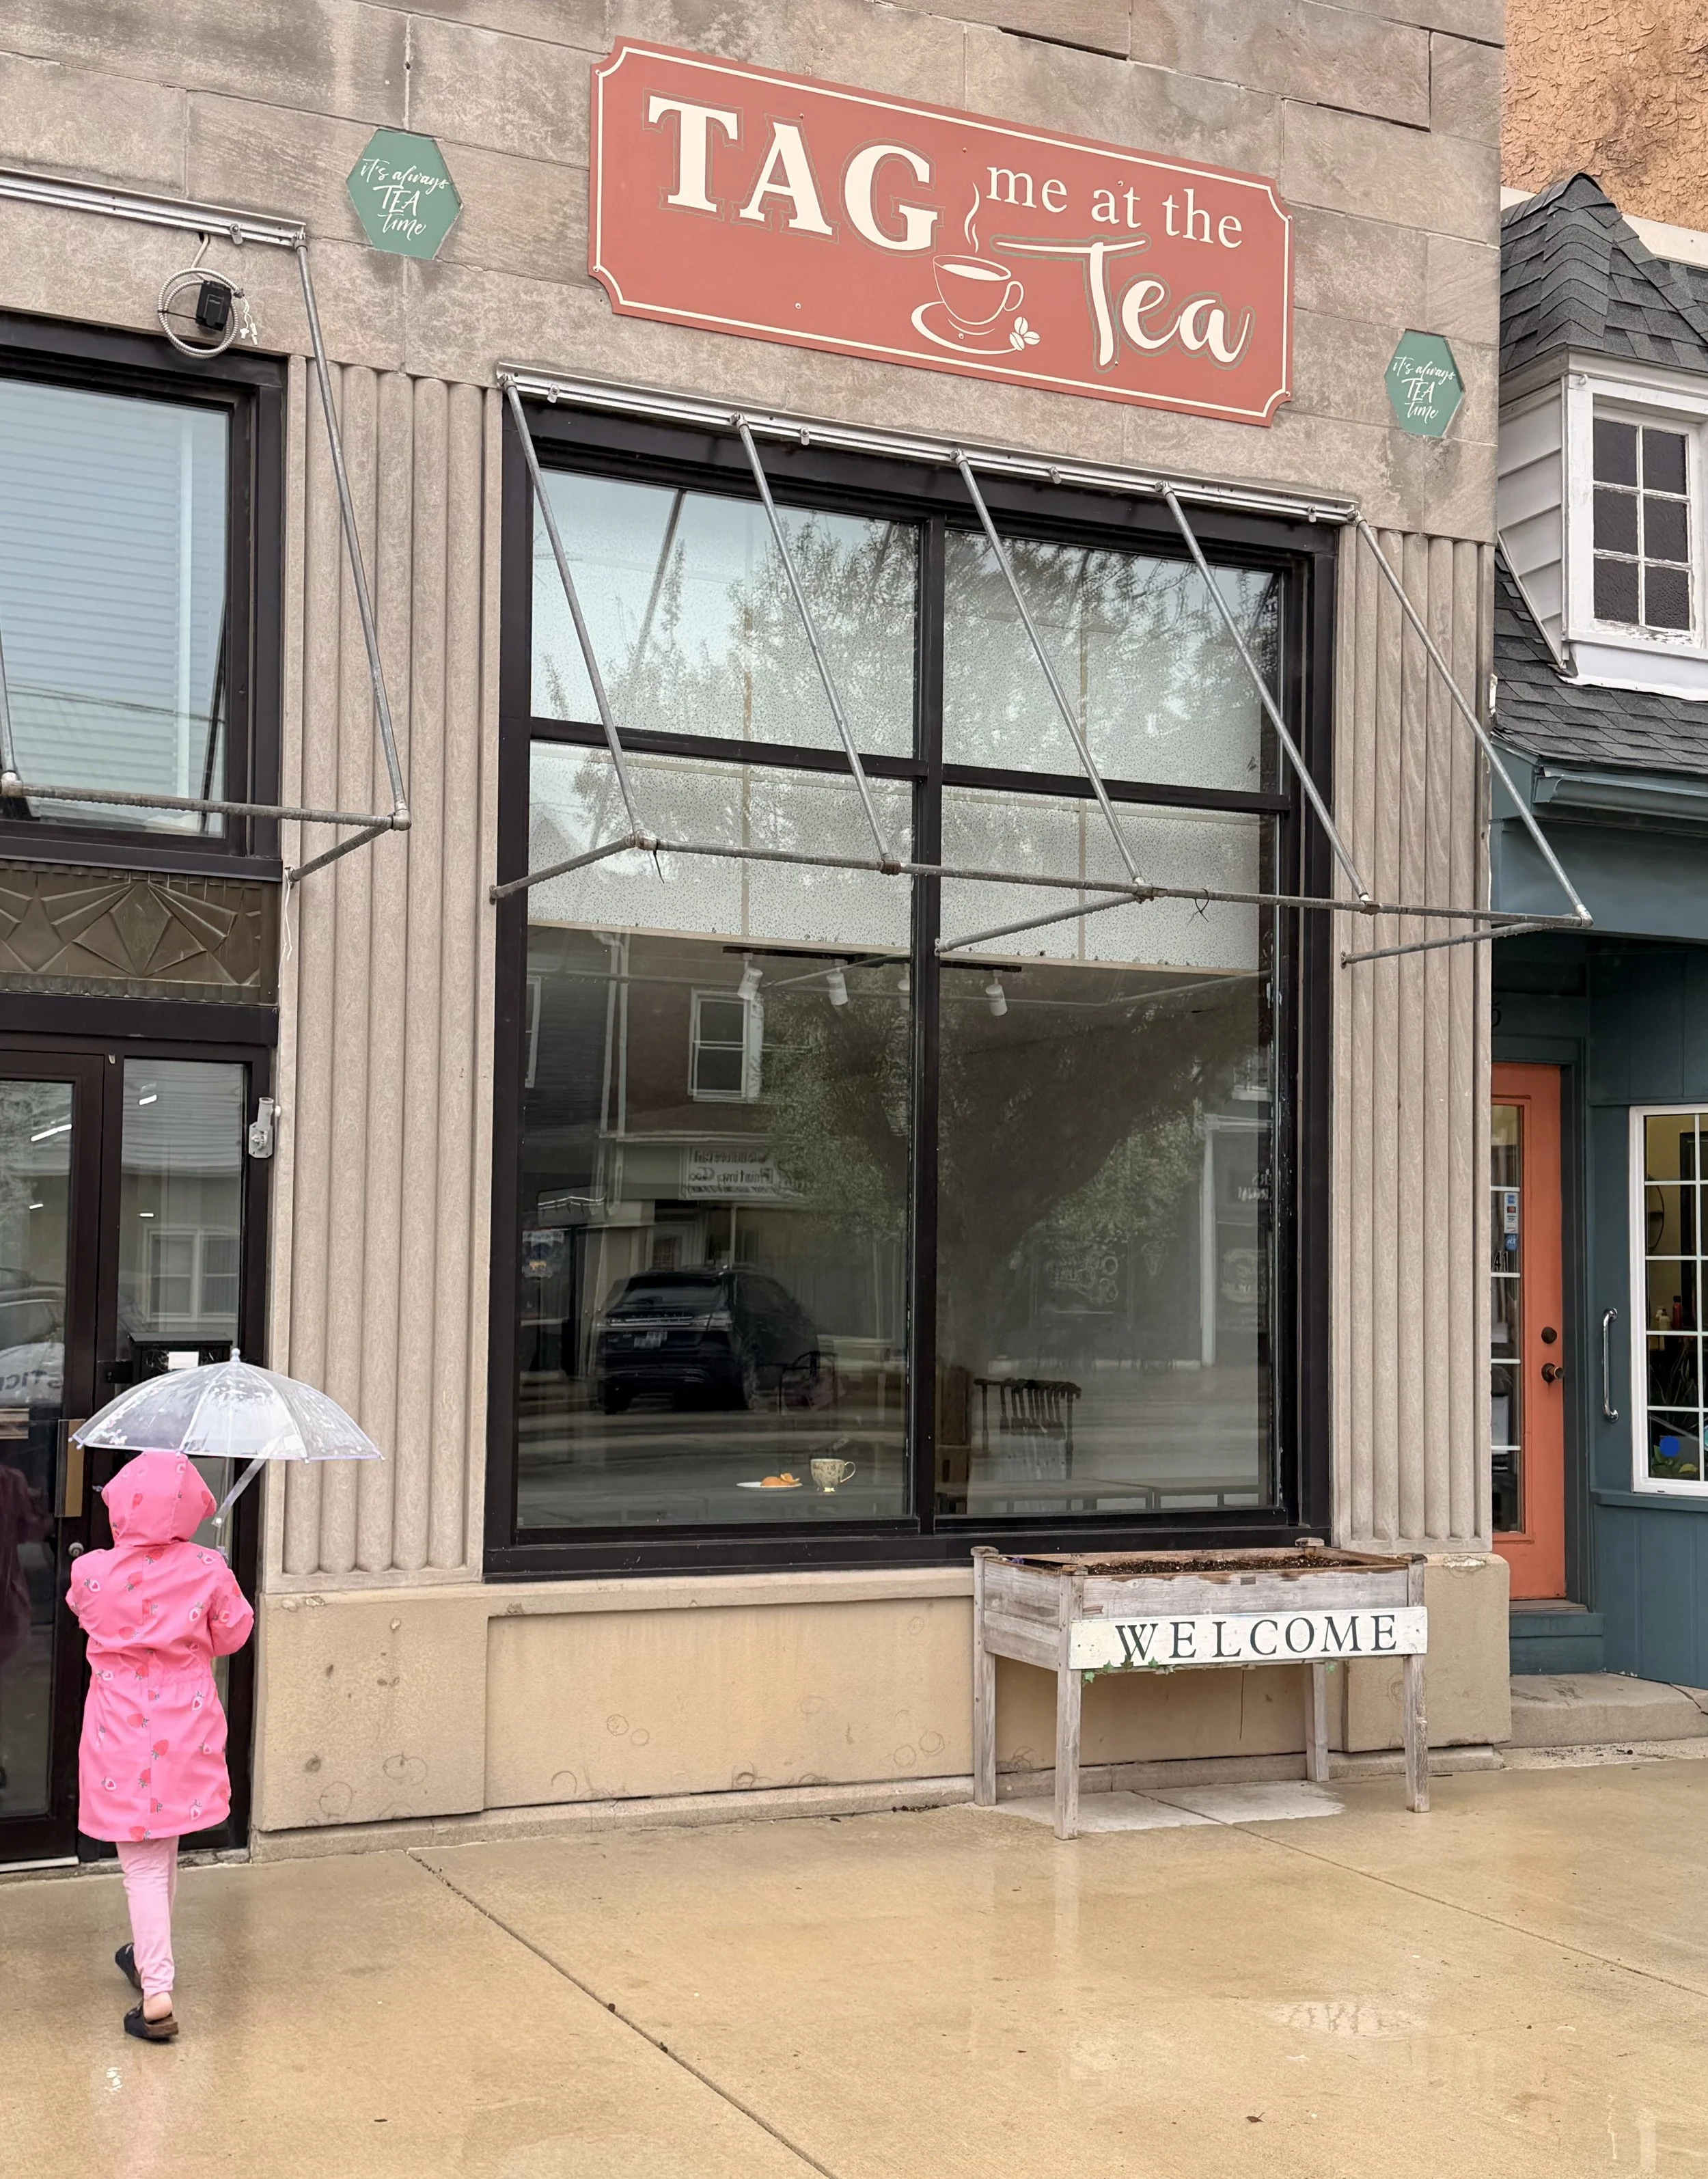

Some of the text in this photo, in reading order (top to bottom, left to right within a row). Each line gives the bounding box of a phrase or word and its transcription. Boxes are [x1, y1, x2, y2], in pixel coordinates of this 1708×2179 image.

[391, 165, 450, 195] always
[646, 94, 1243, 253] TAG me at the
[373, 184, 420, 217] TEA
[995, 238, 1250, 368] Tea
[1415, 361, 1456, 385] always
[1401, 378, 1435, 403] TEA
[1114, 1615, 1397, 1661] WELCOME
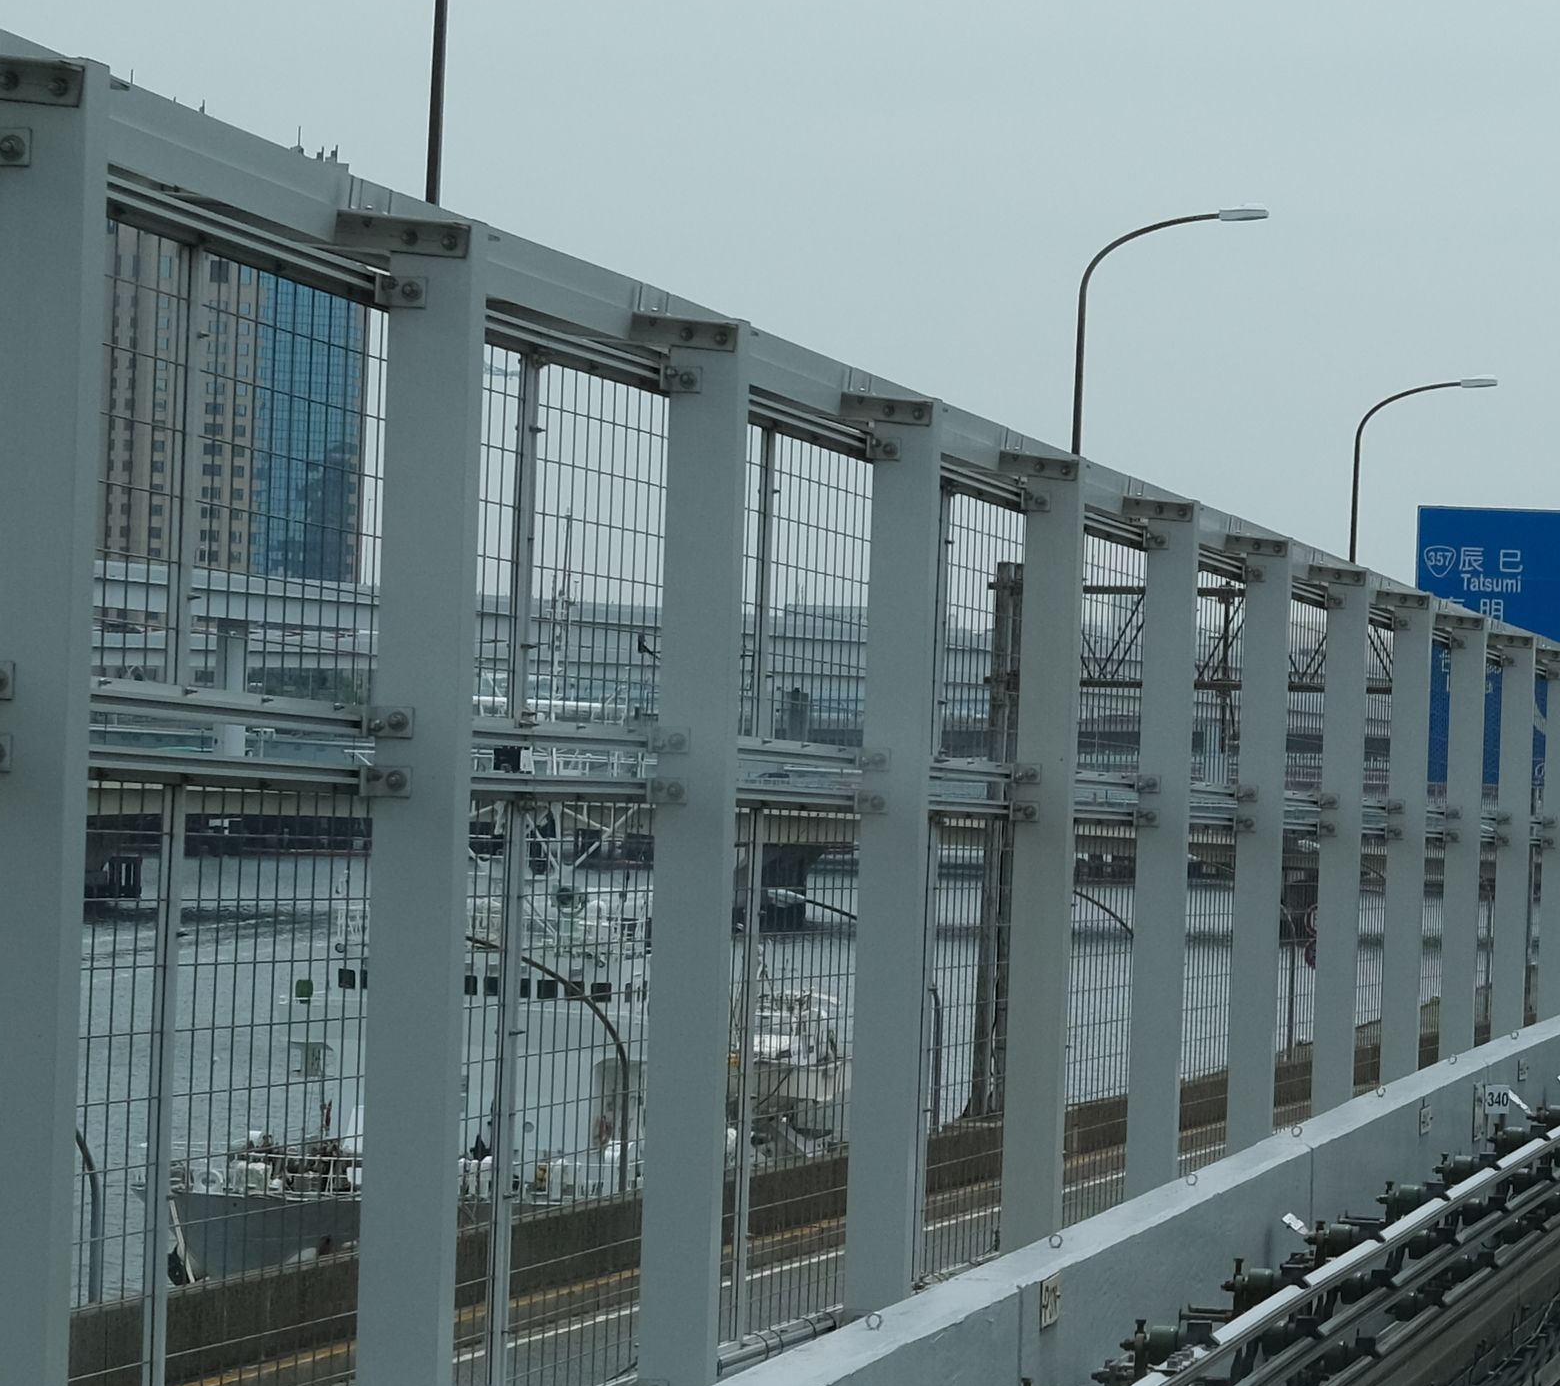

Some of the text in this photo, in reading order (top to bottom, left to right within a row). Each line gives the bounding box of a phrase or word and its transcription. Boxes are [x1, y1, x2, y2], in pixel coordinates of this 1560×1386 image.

Exercise details
Return the records above exactly as written, but without any of the pictures.

Solution to this problem
Some of the text in this photo, in reading order (top to bottom, left to right within a row). Each line gives the bounding box of a phrase or word and its transcription. Boxes are [x1, y1, x2, y2], in pixel coordinates of this 1708×2179 image.

[391, 165, 450, 195] always
[646, 94, 1243, 253] TAG me at the
[373, 184, 420, 217] TEA
[995, 238, 1250, 368] Tea
[1415, 361, 1456, 385] always
[1401, 378, 1435, 403] TEA
[1114, 1615, 1397, 1661] WELCOME

Some of the text in this photo, in reading order (top to bottom, left to right within a row). Each line gives the bounding box of a phrase or word and its transcription. Boxes are [x1, y1, x2, y2], in pixel coordinates of this 1560×1386 image.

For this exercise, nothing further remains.